MATERIAL TO PROCESS:
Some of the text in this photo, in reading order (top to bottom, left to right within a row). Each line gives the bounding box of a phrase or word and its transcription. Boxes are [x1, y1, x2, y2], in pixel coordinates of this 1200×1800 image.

--

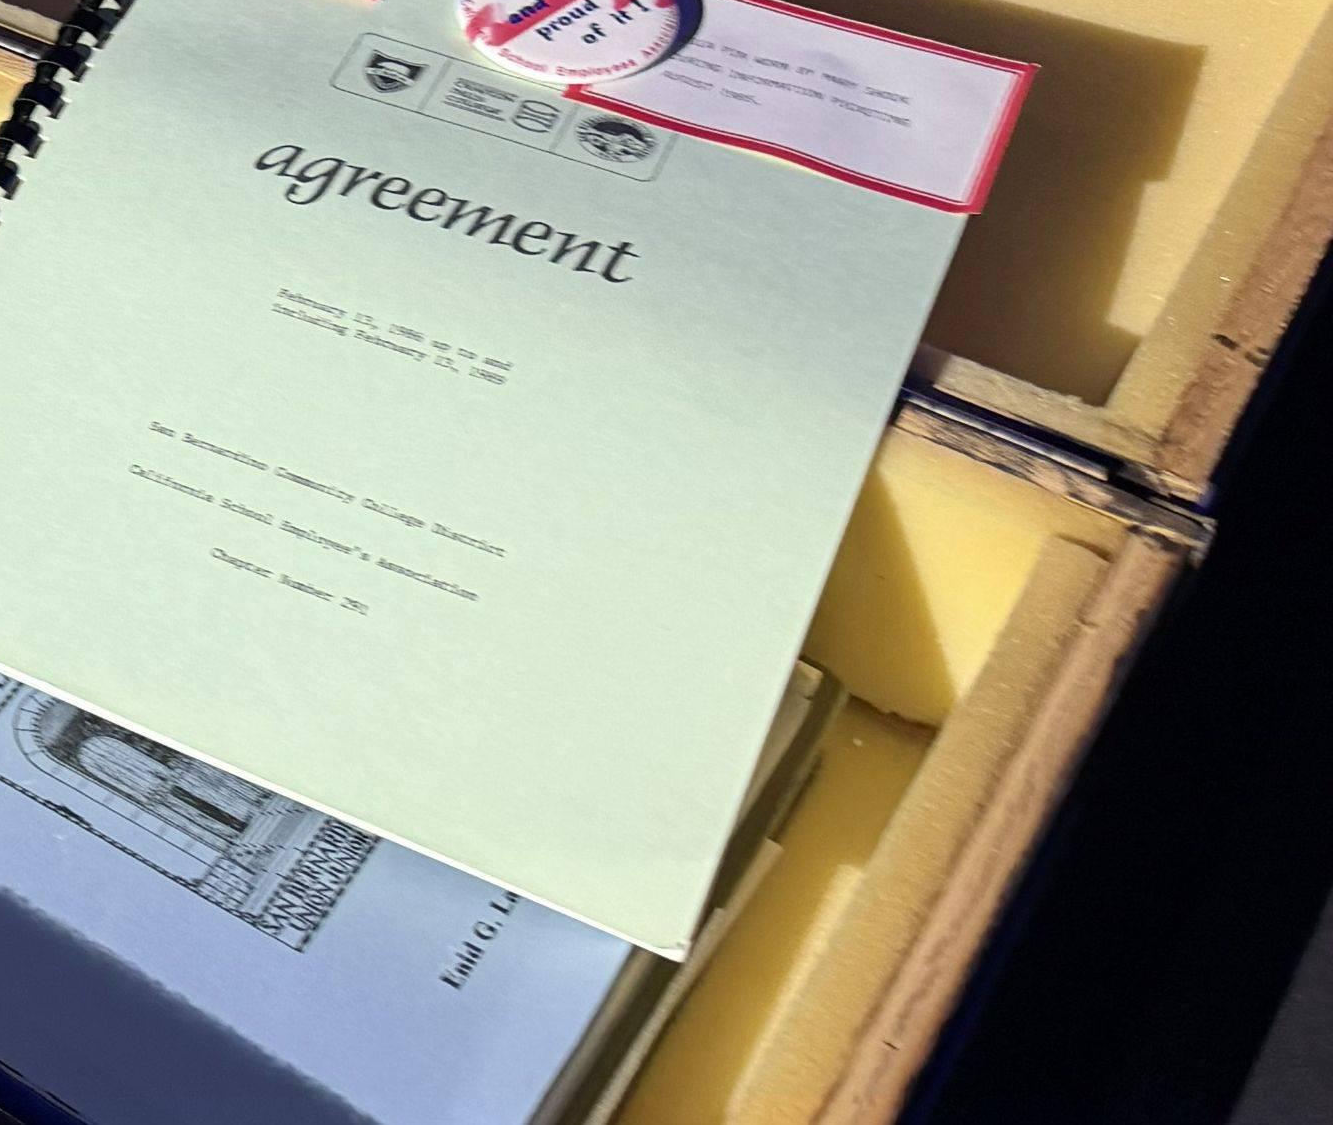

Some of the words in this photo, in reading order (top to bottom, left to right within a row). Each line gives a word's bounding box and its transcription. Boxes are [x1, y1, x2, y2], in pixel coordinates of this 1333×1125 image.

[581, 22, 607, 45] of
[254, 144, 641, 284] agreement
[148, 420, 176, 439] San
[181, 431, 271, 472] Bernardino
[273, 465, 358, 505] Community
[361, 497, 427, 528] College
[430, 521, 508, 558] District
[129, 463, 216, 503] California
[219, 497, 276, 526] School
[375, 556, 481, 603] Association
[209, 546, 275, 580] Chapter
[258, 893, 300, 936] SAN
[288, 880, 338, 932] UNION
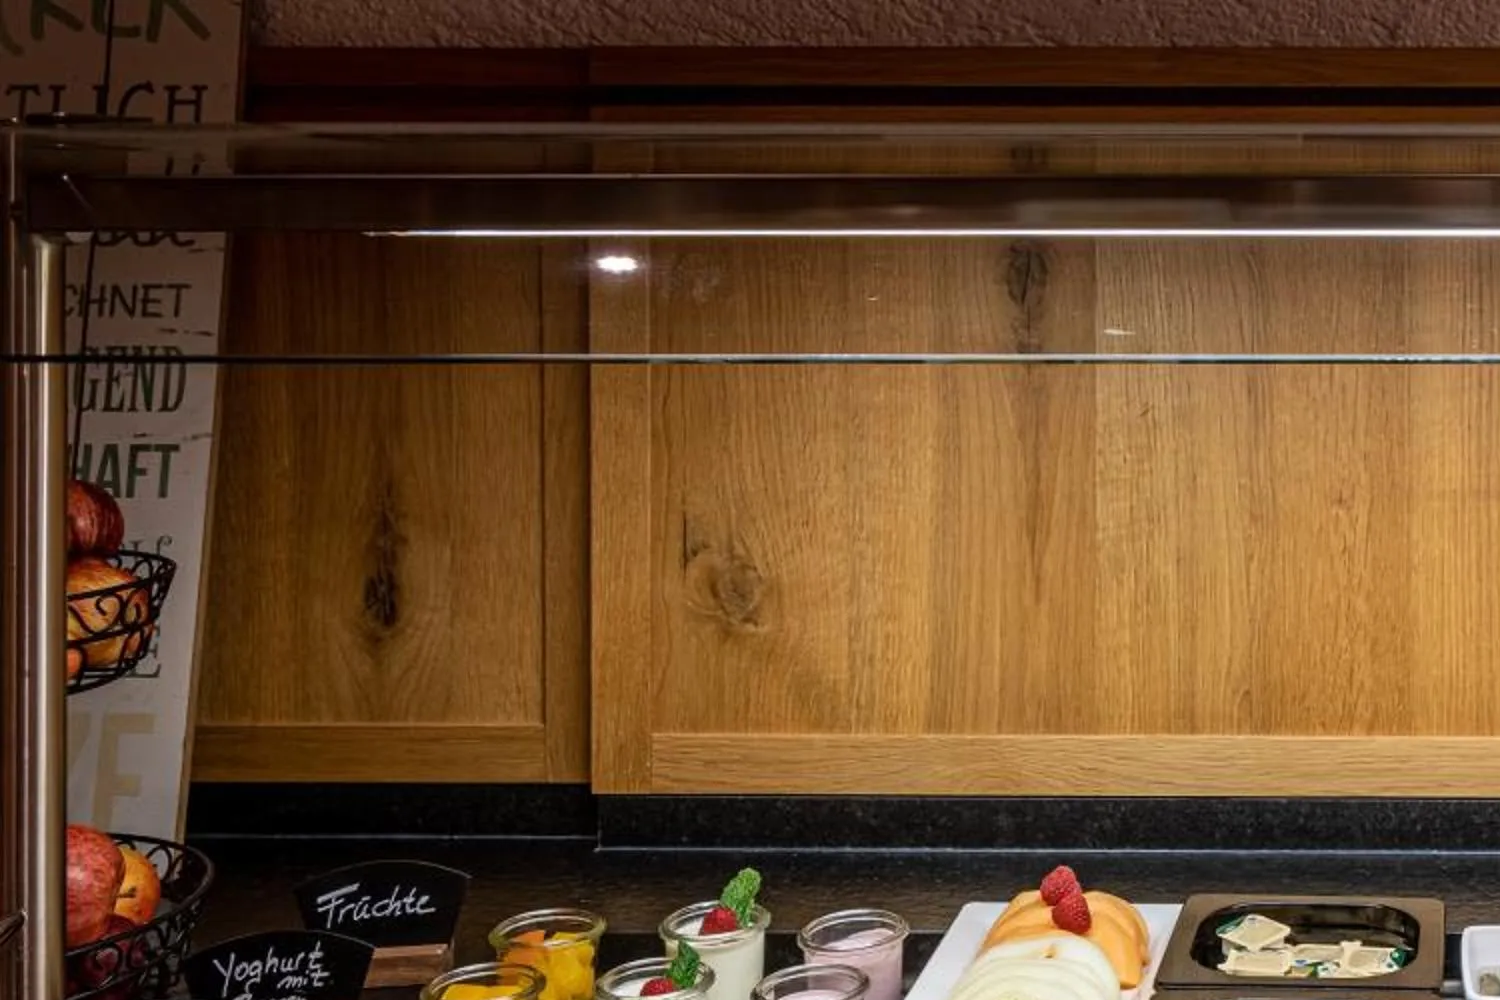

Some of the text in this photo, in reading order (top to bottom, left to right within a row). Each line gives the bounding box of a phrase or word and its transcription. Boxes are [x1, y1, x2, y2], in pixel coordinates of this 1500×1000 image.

EXERCISE: In the entries above, every line from the line with "Some of the words" to the line with "this 1500×1000 image." is to be printed exactly, with both ends included and pictures excluded.

ANSWER TO THIS EXERCISE:
Some of the words in this photo, in reading order (top to bottom, left to right within a row). Each line gives a word's bounding box and its transcription. Boxes are [x1, y1, x2, y2], in pixel coordinates of this 1333×1125 image.

[581, 22, 607, 45] of
[254, 144, 641, 284] agreement
[148, 420, 176, 439] San
[181, 431, 271, 472] Bernardino
[273, 465, 358, 505] Community
[361, 497, 427, 528] College
[430, 521, 508, 558] District
[129, 463, 216, 503] California
[219, 497, 276, 526] School
[375, 556, 481, 603] Association
[209, 546, 275, 580] Chapter
[258, 893, 300, 936] SAN
[288, 880, 338, 932] UNION

Some of the text in this photo, in reading order (top to bottom, left to right within a row). Each line gives the bounding box of a phrase or word and its transcription. Boxes are [x1, y1, x2, y2], in pixel coordinates of this 1500×1000 image.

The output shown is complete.